Transcribe all of the records word for word, but omit the pictures.
Segment Open
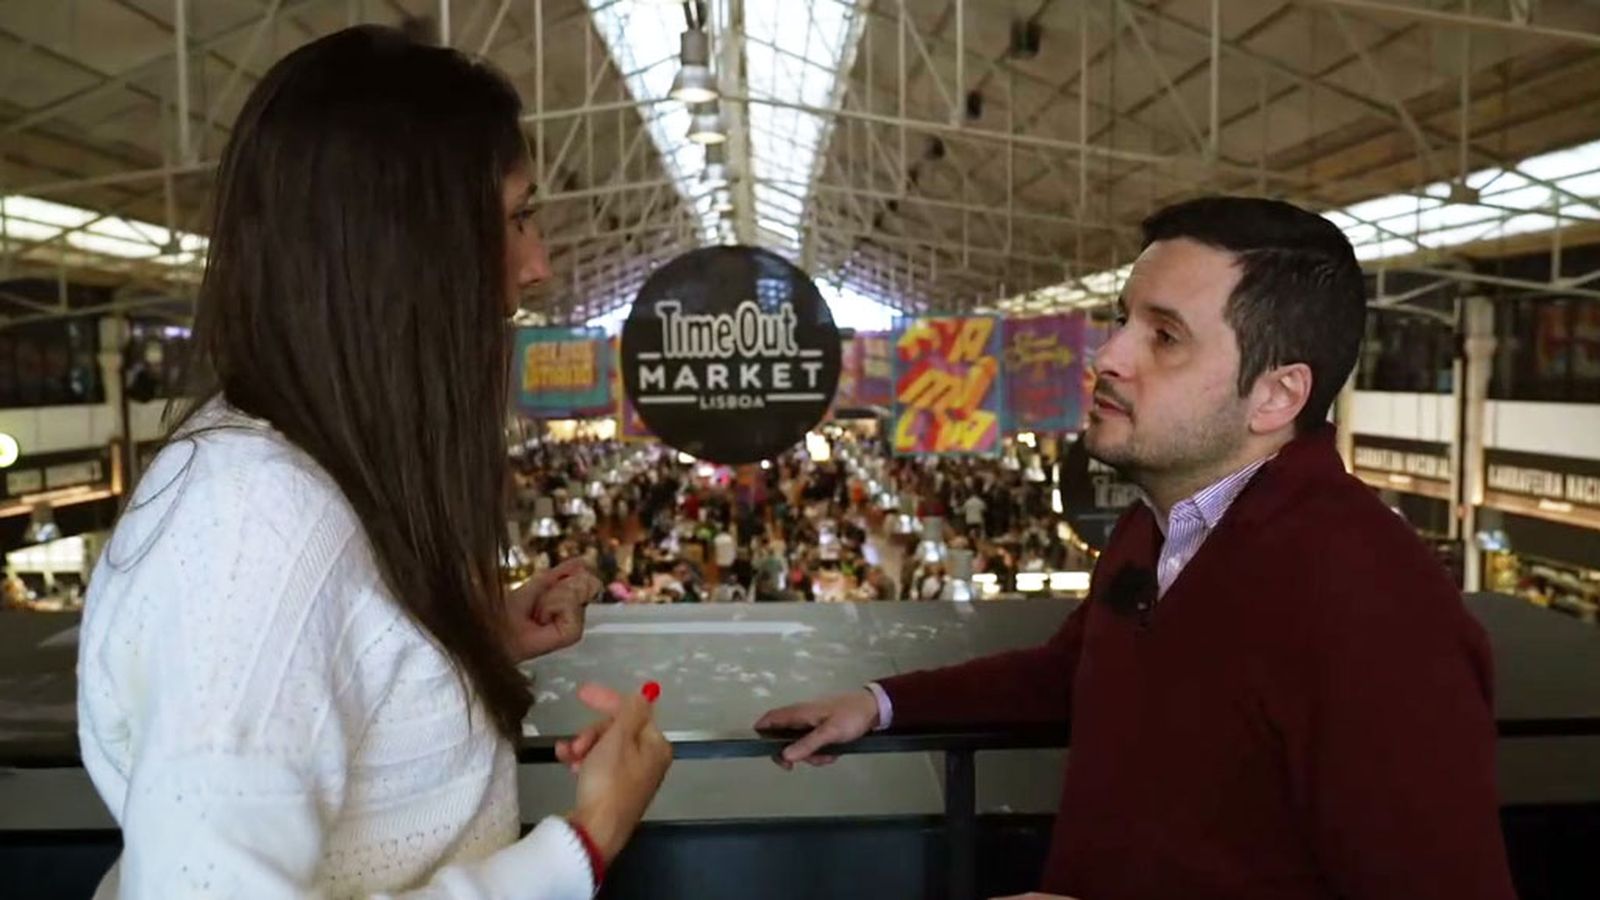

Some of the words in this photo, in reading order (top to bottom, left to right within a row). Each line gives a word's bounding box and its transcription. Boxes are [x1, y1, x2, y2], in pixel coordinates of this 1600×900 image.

[655, 301, 733, 358] Time
[735, 301, 798, 358] Out
[638, 362, 823, 390] MARKET
[700, 394, 765, 410] LISBOA
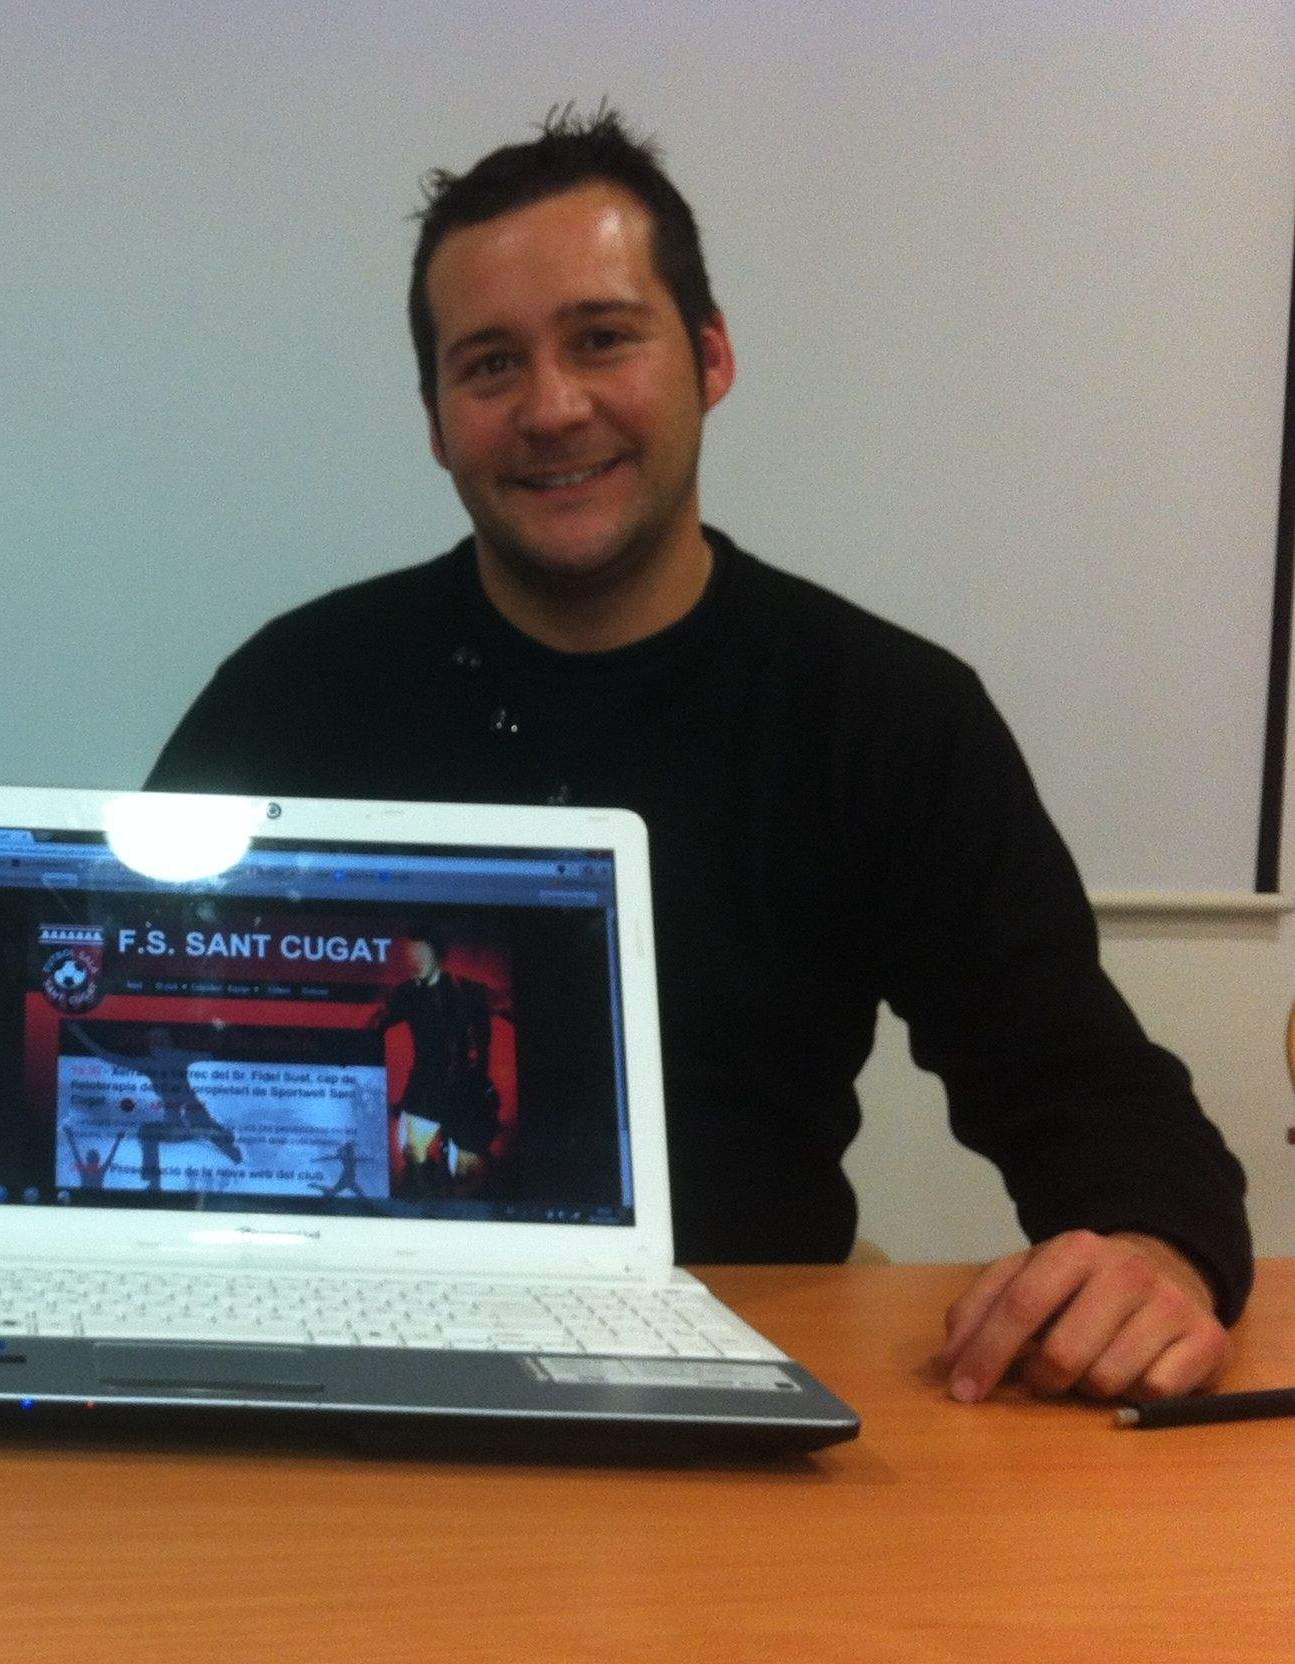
Segment Closed
**ANSWER SPACE**
Some of the words in this photo, in reading order (top to bottom, left to right within a row). Each line gives a word's bounding box and its transcription. Boxes are [x1, y1, x2, y2], in pixel coordinates of this 1600×900 image.

[655, 301, 733, 358] Time
[735, 301, 798, 358] Out
[638, 362, 823, 390] MARKET
[700, 394, 765, 410] LISBOA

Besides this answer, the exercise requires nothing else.